Assessment of heterogeneity
Chi‐squared test will be used for assessment of statistical heterogeneity. Statistical significance will be determined by a P value of 0.10. Even more relevant than the assessment of heterogeneity is the quantification of its impact on the meta‐analysis. Thus, we will apply the I² value to quantify the inconsistency of the included studies (Deeks 2011). An I² value of > 30% represents moderate (30‐60%), substantial (50‐90%) or even considerable (75‐100%) heterogeneity.

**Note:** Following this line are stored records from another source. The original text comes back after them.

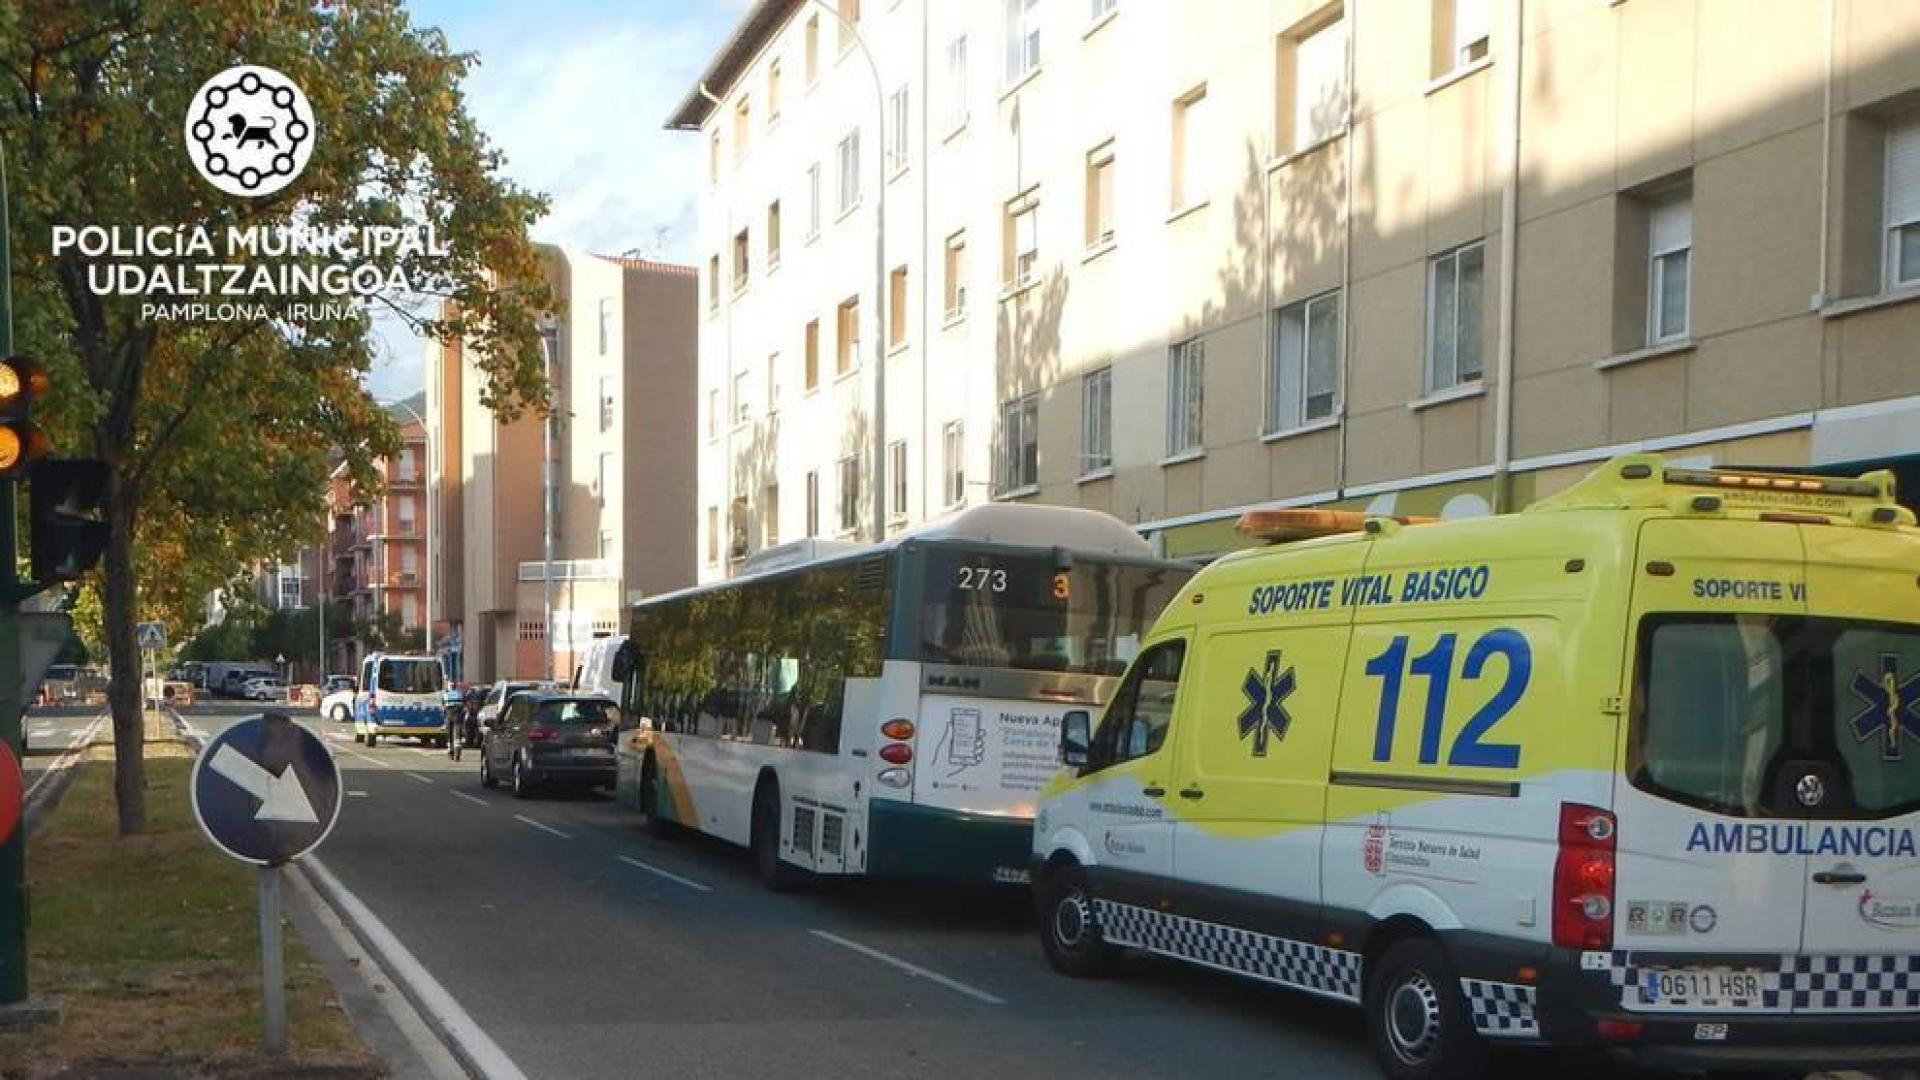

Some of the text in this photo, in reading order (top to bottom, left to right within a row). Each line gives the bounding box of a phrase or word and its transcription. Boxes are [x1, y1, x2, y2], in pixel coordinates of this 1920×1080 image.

[959, 566, 1008, 592] 273
[1249, 564, 1490, 614] SOPORTE VITAL BASICO
[1692, 578, 1782, 601] SOPORTE
[1364, 626, 1533, 769] 112
[1000, 712, 1039, 725] Nueva
[1686, 821, 1917, 858] AMBULANCIA
[1661, 974, 1758, 996] 0611 HSR
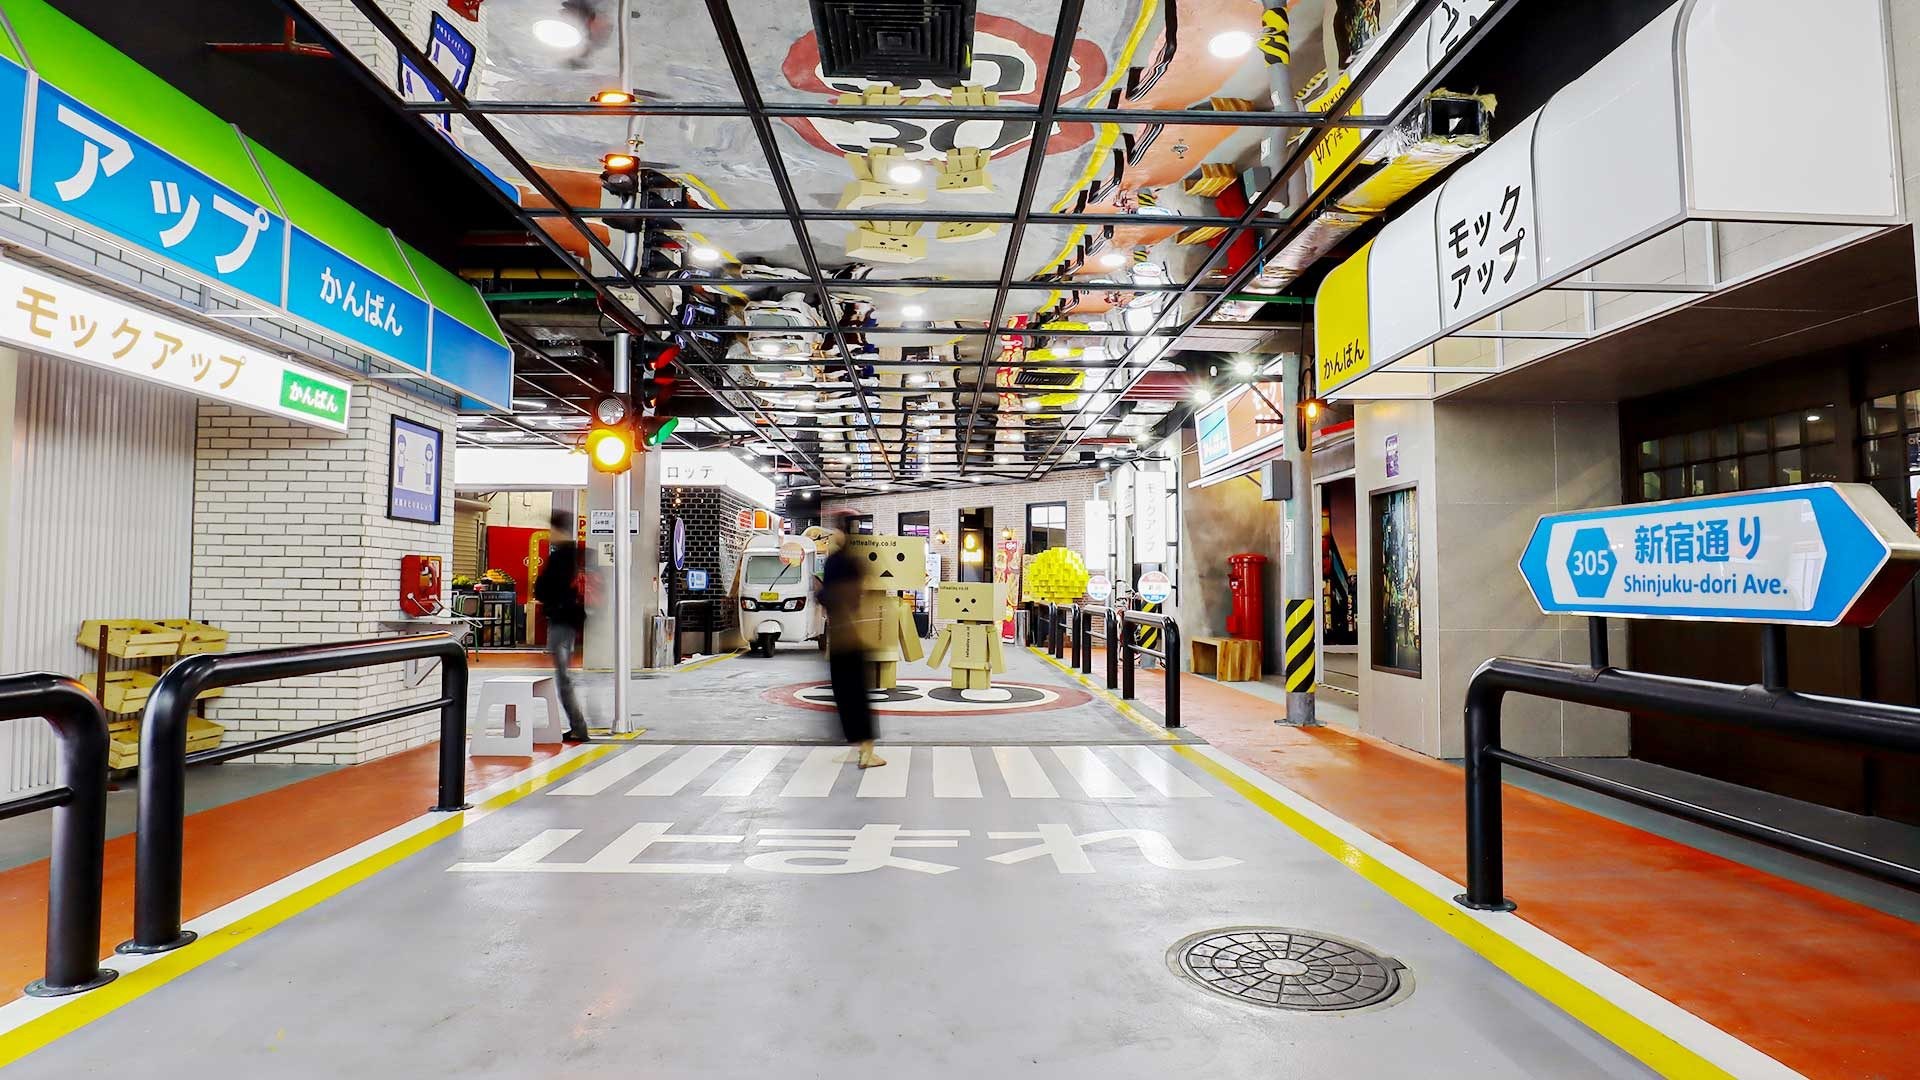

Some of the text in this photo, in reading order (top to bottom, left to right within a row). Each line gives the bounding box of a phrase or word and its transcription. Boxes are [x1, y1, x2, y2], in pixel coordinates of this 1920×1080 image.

[54, 103, 270, 274] アップ
[1447, 184, 1521, 259] モック
[1451, 227, 1527, 309] アップ
[320, 266, 403, 337] かんばん
[16, 286, 246, 390] モックアップ
[1323, 338, 1365, 380] かんばん
[289, 379, 339, 414] かんばん
[667, 465, 713, 479] ロッテ
[1573, 550, 1609, 576] 305
[1634, 515, 1762, 565] 新宿通り
[1623, 573, 1788, 597] Shinjuku-dori Ave.
[446, 822, 1244, 875] 止まれ

Assessment of reporting biases
Reporting biases occur if the dissemination of research findings is influenced by the nature and direction of trial results. There are several types of reporting bias: publication bias, multiple publication bias, time lag bias, location bias, citation bias, language bias, and outcome reporting bias (Sterne 2011). We will search different trial registries in order to avoid reporting biases (see Electronic Searches).

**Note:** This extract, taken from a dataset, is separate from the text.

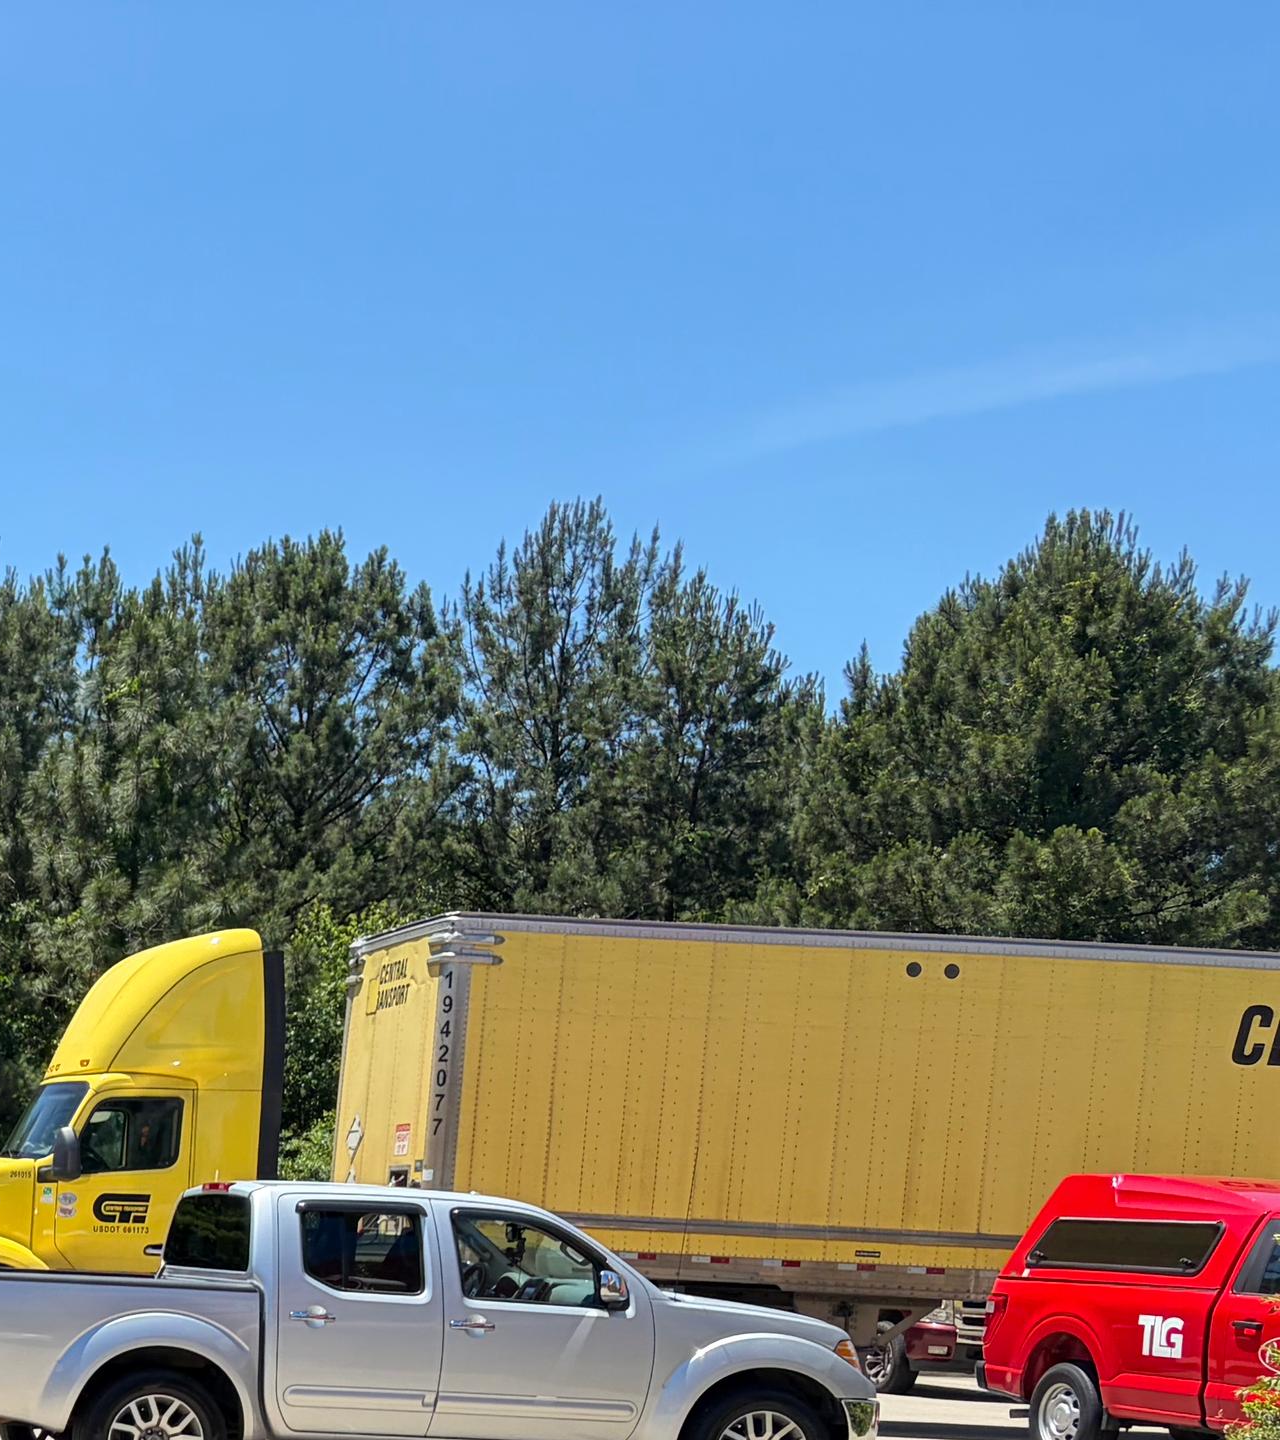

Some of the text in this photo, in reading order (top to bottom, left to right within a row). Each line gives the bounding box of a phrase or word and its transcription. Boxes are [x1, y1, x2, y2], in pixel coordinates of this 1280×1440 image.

[380, 958, 408, 984] CENTRAL
[433, 971, 454, 1135] 1942077
[1138, 1314, 1185, 1359] TLG

To assess whether small‐study effects are present in our systematic review, we will use a funnel plot and statistical tests for funnel plot asymmetry. Publication bias is minimum if the plot resembles a funnel with base down.
Data synthesis
From the analysis options in Rev Man version 5 we will apply the DerSimonian and Laird random‐effects method assuming that the effects being estimated in the different studies are not identical, but follow some distribution (DerSimonian 1986). The random‐effects model estimates the extent of variation among the intervention effects of the included studies (Deeks 2011).

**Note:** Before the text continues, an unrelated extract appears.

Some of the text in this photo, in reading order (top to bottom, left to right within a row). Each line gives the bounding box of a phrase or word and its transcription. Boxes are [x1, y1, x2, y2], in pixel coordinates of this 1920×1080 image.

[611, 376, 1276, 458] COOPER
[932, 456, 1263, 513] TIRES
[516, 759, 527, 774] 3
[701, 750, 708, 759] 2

Subgroup analysis and investigation of heterogeneity
We plan to conduct the following subgroup analyses:
Ileostomy versus colostomy. End ostomy versus loop ostomy. Obesity (BMI > 30 kg/m²), overweight (BMI >25, <30 kg/m²) versus normal weight (BMI > 20, < 25 kg/m²).
Sensitivity analysis
Sensitivity analysis investigates how the variation in the output of a statistical model depends on the different variations in the inputs of the model. We will perform sensitivity analyses for the following issues:
‐ Risk of bias in included trials (high versus low)
‐ Level of standardization of stoma surgery (standardized procedure mentioned vs. no mentioning of standardization)
Where sensitivity analyses identify particular decisions or missing data that had a major influence on the findings of the review, we will contact trial authors in order to obtain the missing information and gain a higher level of certainty with regard to the interpretation of the findings.